EFFECTS OF THE INVENTION Since the tile carpet of the present invention uses a sheet in which specific fibers are used and the intersections of the fibers are heat-sealed, wrinkles of the sheet do not occur and slack of the sheet and A tenter for wrinkling and wrinkle rolling was not required, and the lining could be done at high speed. Further, the tile carpet of the present invention uses specific fibers, heat-bonds the intersections of the fibers, and arranges the sheet having a specific shrinkage ratio at a specific position, so that the dimensional stability is good and the back surface is covered. If it is mounted on the floor, it can be prevented from warping in a concave shape, and the carpet does not warp in a concave shape even if heat or pressure from a human foot is applied.

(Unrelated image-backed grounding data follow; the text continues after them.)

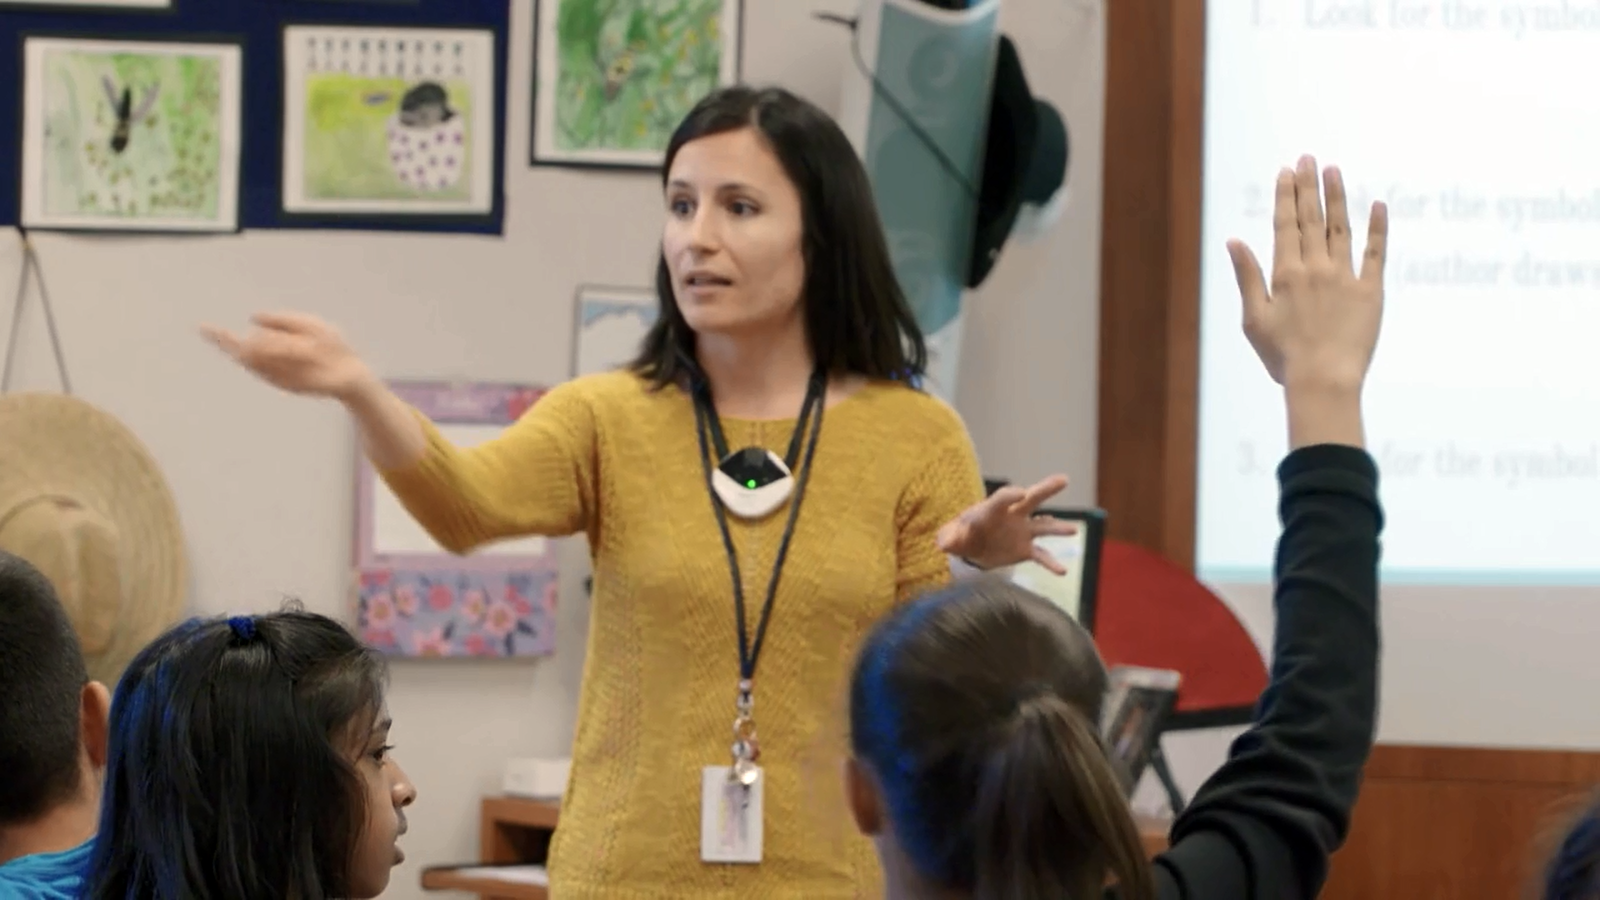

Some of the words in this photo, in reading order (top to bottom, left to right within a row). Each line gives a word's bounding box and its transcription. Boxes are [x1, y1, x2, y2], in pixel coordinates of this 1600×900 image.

[1302, 0, 1378, 30] Look
[1387, 0, 1431, 30] for
[1440, 0, 1486, 30] the
[1439, 183, 1486, 220] the
[1382, 440, 1424, 477] for
[1434, 440, 1482, 477] the
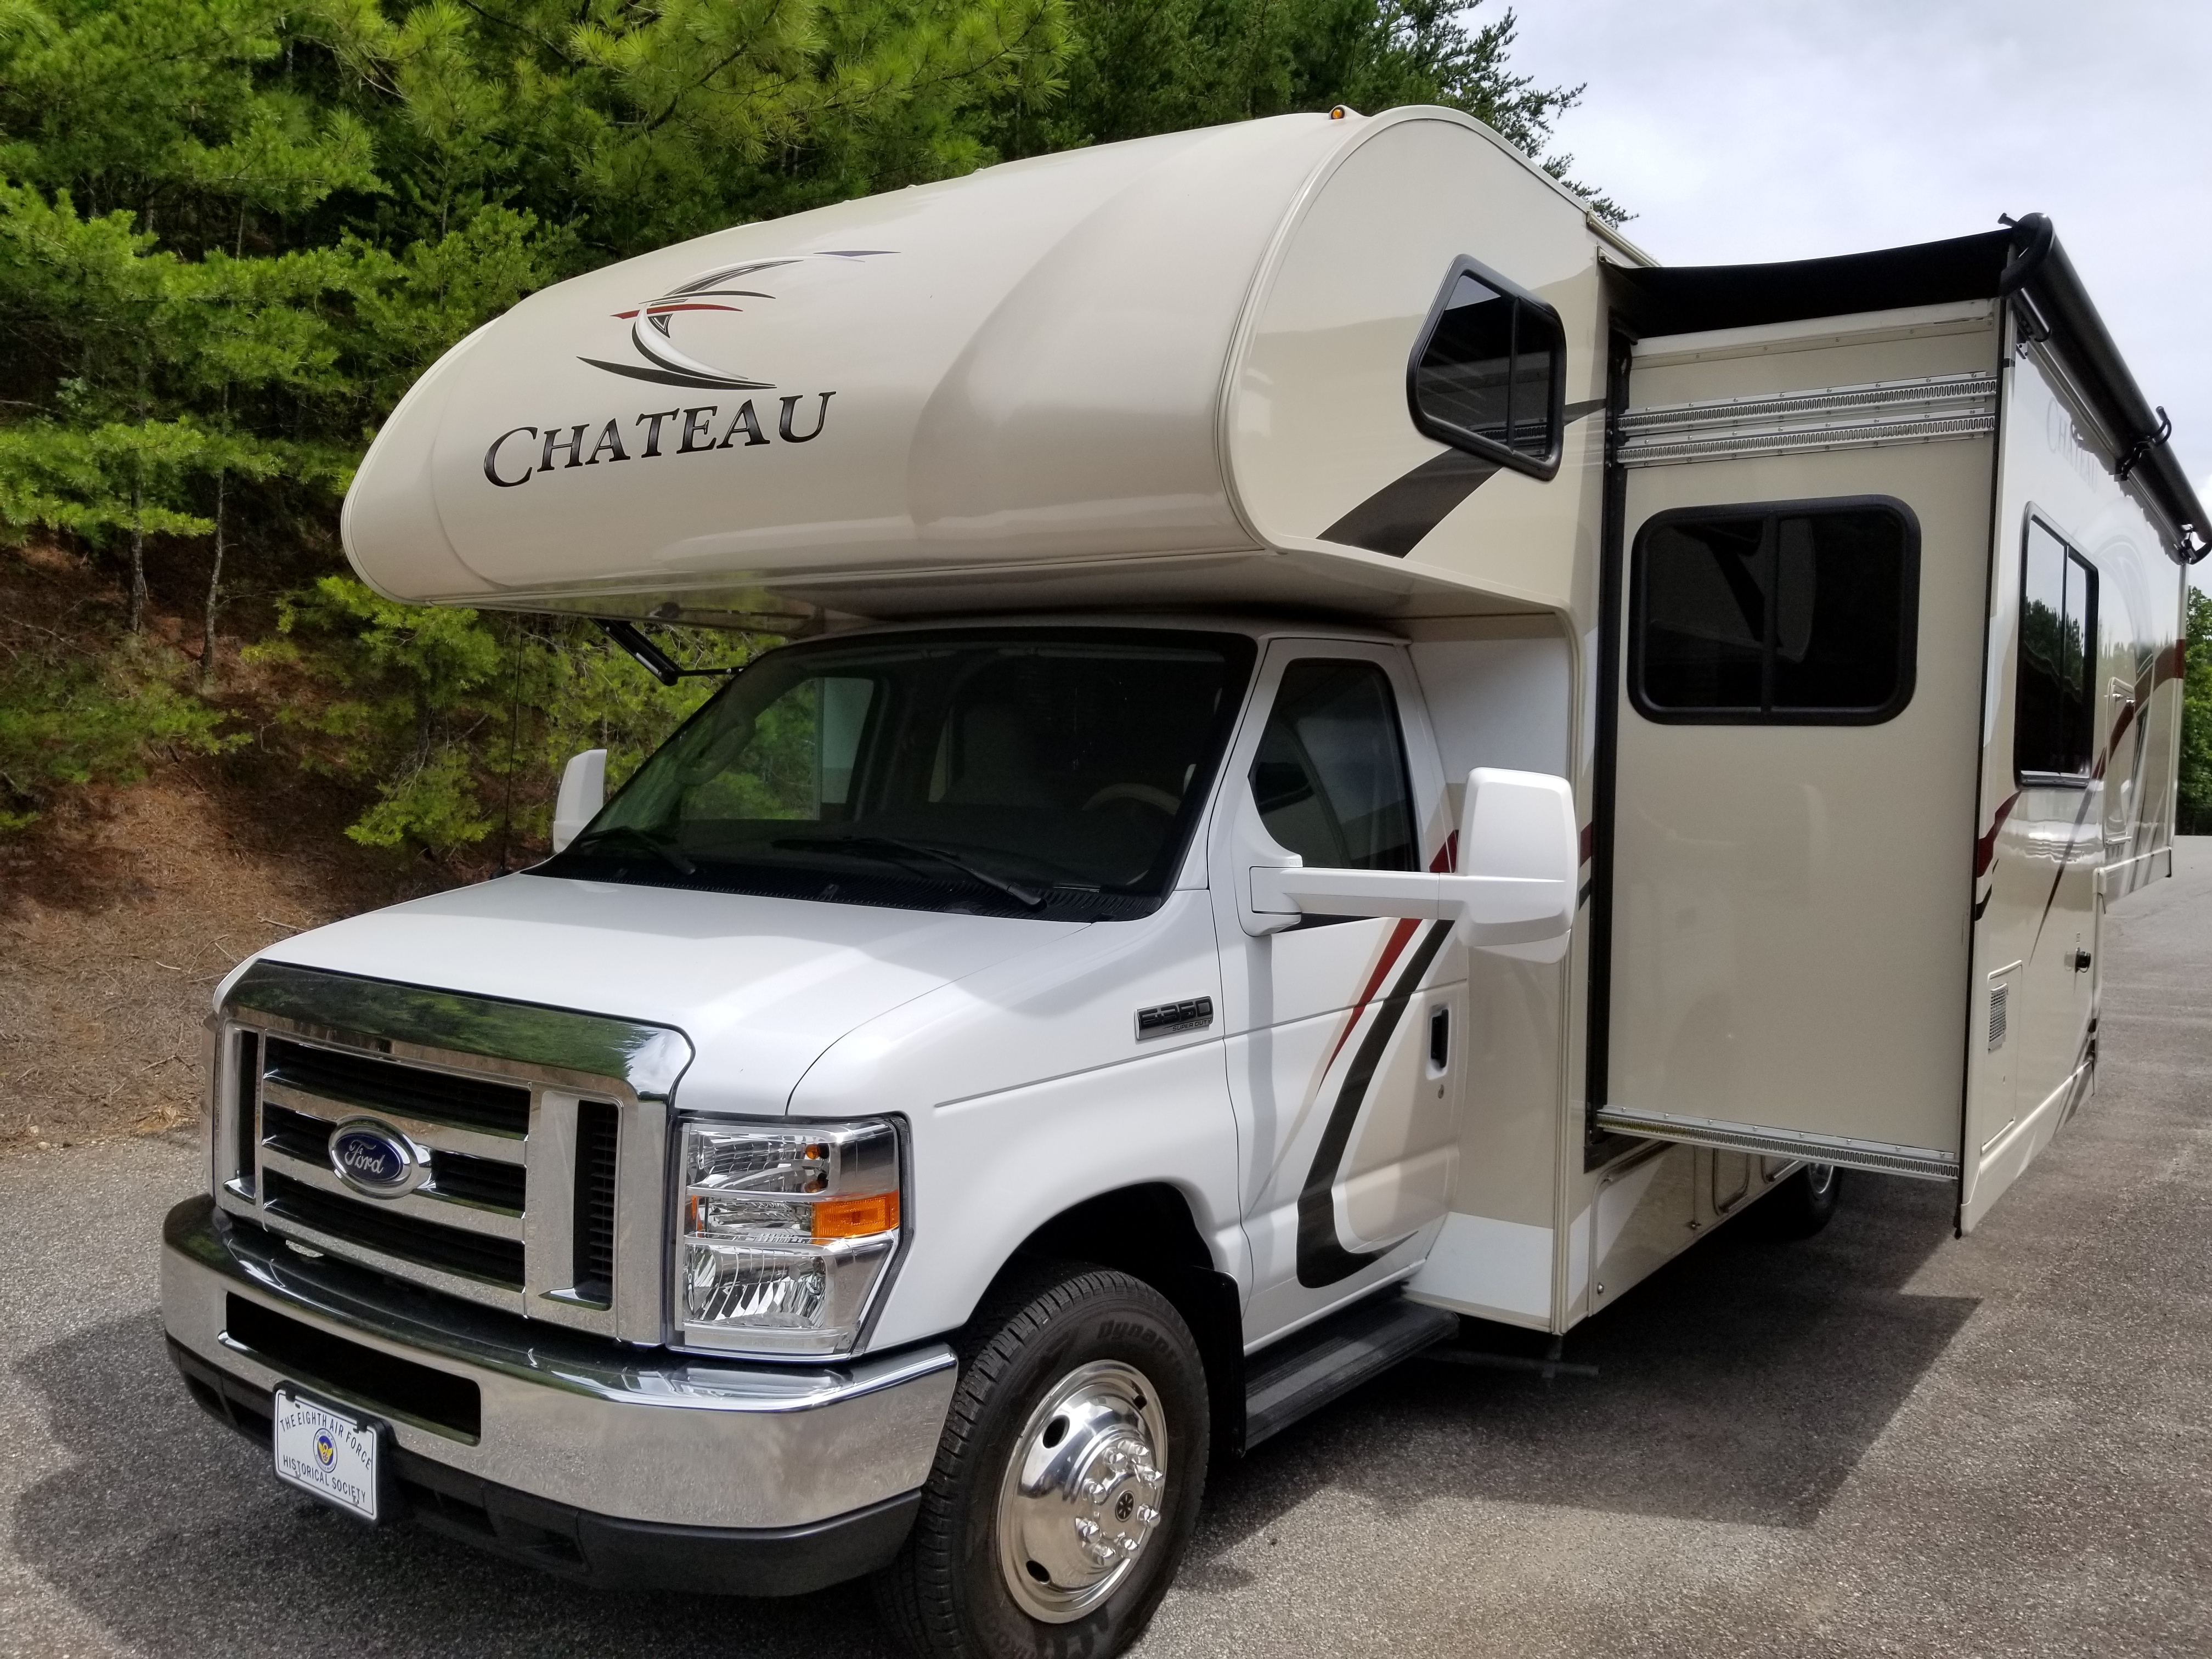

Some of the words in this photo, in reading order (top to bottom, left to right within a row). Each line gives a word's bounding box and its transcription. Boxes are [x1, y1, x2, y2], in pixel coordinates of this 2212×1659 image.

[483, 391, 836, 488] CHATEAU
[1172, 1023, 1193, 1031] SUPER
[345, 1139, 386, 1173] Ford
[280, 1414, 296, 1432] THE
[298, 1411, 327, 1427] EIGHTH
[330, 1418, 344, 1438] AIR
[346, 1432, 372, 1470] FORCE
[283, 1454, 330, 1486] HISTORICAL
[332, 1477, 366, 1503] SOCIETY

Further, this carpet can be used in a state where there is no adhesive, tack, etc. on the floor, or it can be spread with an adhesive or the like and has good dimensional stability for a long period of time.

[0018]

[Brief description of drawings]

Figure 1 is a tile car with a single backing layer of synthetic resin.
Pett,

[Fig. 2] is a tile car with two layers of synthetic resin for the backing layer.
Shows a pet.

[Explanation of symbols]

 1: Pile 2: Base fabric 3: Fiber layer 4: Backing layer 5: Synthetic resin 6: Sheet 7: Back side 8: First synthetic resin 9: Second synthetic resin

[Table 1]

Claims (2)

[Claims] 1. A tile carpet comprising a backing layer and a fiber layer on which a sheet is arranged, wherein the sheet is obtained by heat-sealing the intersections of the heat-fusible composite fibers, and heat shrinkage of the sheet. A tile carpet characterized in that the rate is higher than the heat shrinkage rate of the fiber layer and the sheet is arranged on the back side of the backing layer with a thickness of less than 1/2 of the thickness of the backing layer. 2. The tile carpet as claimed in claim 1, wherein the heat-fusible composite fiber used for the sheet of the backing layer is a heat-fusible composite monofilament.